Bipartisan criminal justice bill passes U.S. Senate

Prision Cells at Old Idaho Penitentiary in Boise, Idaho

In a major step for smart criminal justice reform, the U.S. Senate passed the First Step Act Tuesday with a bipartisan vote of 87-12.

The First Step legislation lowers mandatory minimum sentences for some drug offenses and provides more funding for anti-recidivism programs meant to help federal prisoners re-enter society, among other provisions.

The legislation has had strong bipartisan support in Congress and President Donald Trump publicly announced his support for the reforms last month.

The First Step Act builds on prison reforms passed overwhelmingly by the U.S. House earlier in the year and adds new programs to help better prepare inmates to re-enter society. The legislation’s effect would be limited to only federal prisons and offenses.

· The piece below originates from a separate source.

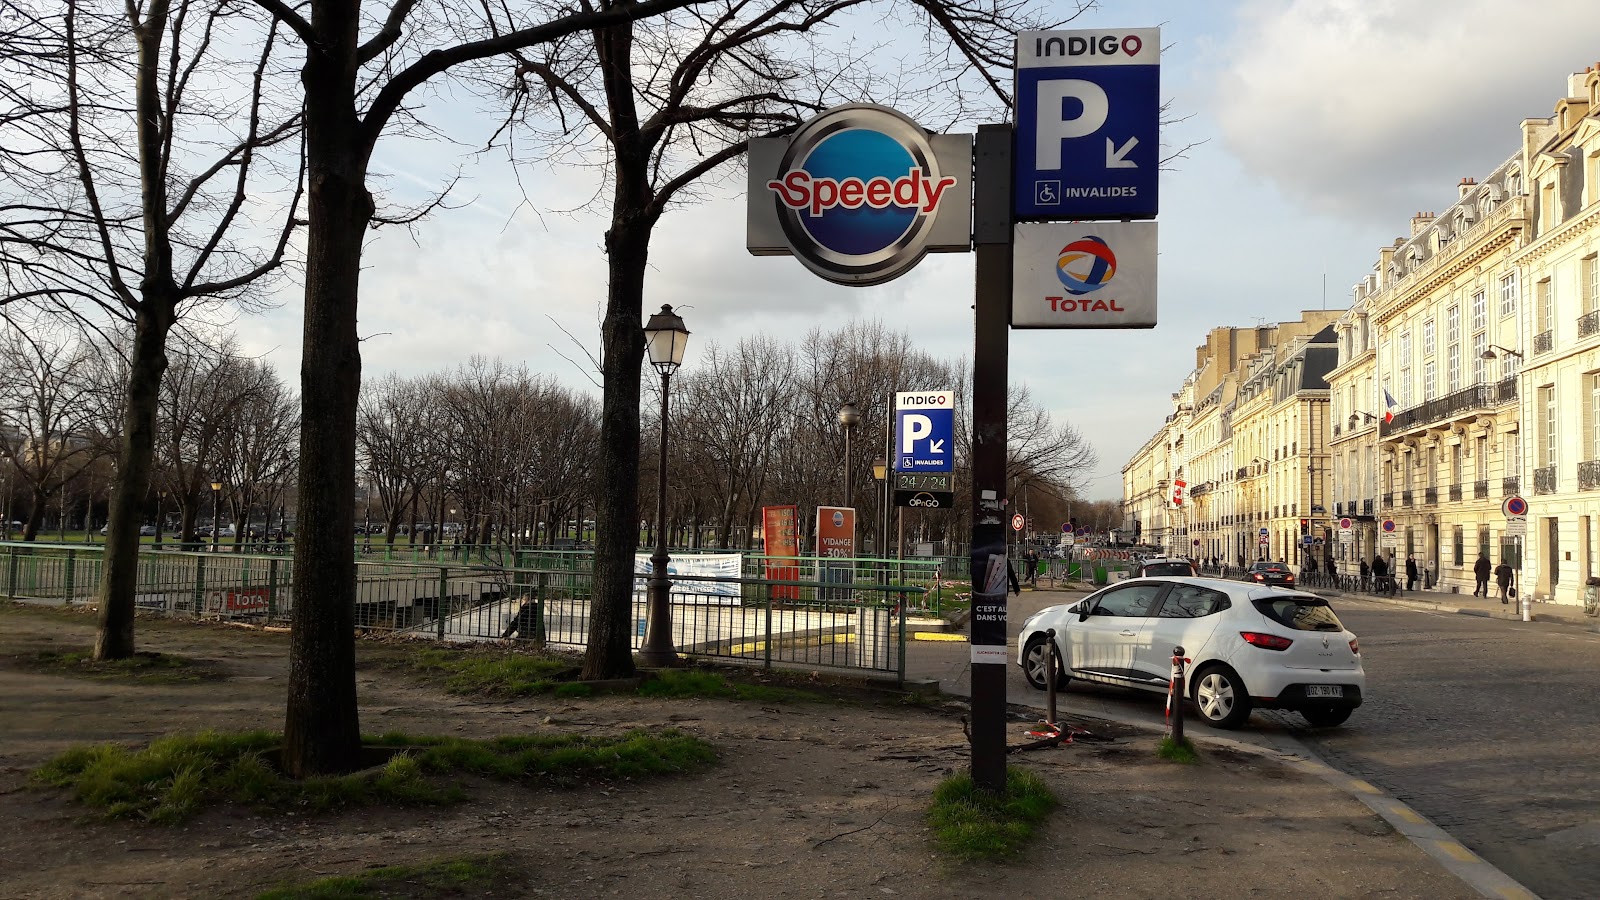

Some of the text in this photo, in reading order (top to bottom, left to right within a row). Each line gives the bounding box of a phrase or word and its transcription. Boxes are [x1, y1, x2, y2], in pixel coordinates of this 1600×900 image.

In a letter of support to Senate Majority Leader Mitch McConnell, Kentucky Chamber Senior Vice President of Public Affairs Ashli Watts noted the Chamber’s advocacy work on criminal justice issues and stated society and business benefit from a smart criminal justice system that improves public safety, strengthens families and communities, reduces recidivism, supports victims, and protects taxpayers, which she said can be achieved through prison reforms.

“Statistics show that 95% of those incarcerated will one day leave prison, and our goal should be to have them re-enter society, have gainful employment and be productive citizens.  The First Step Act will help achieve these goals, while also reducing the burden on taxpayers tied to the ever-growing cost of the corrections system,” Watts wrote.

The First Step Act now moves to the U.S. House of Representatives for consideration.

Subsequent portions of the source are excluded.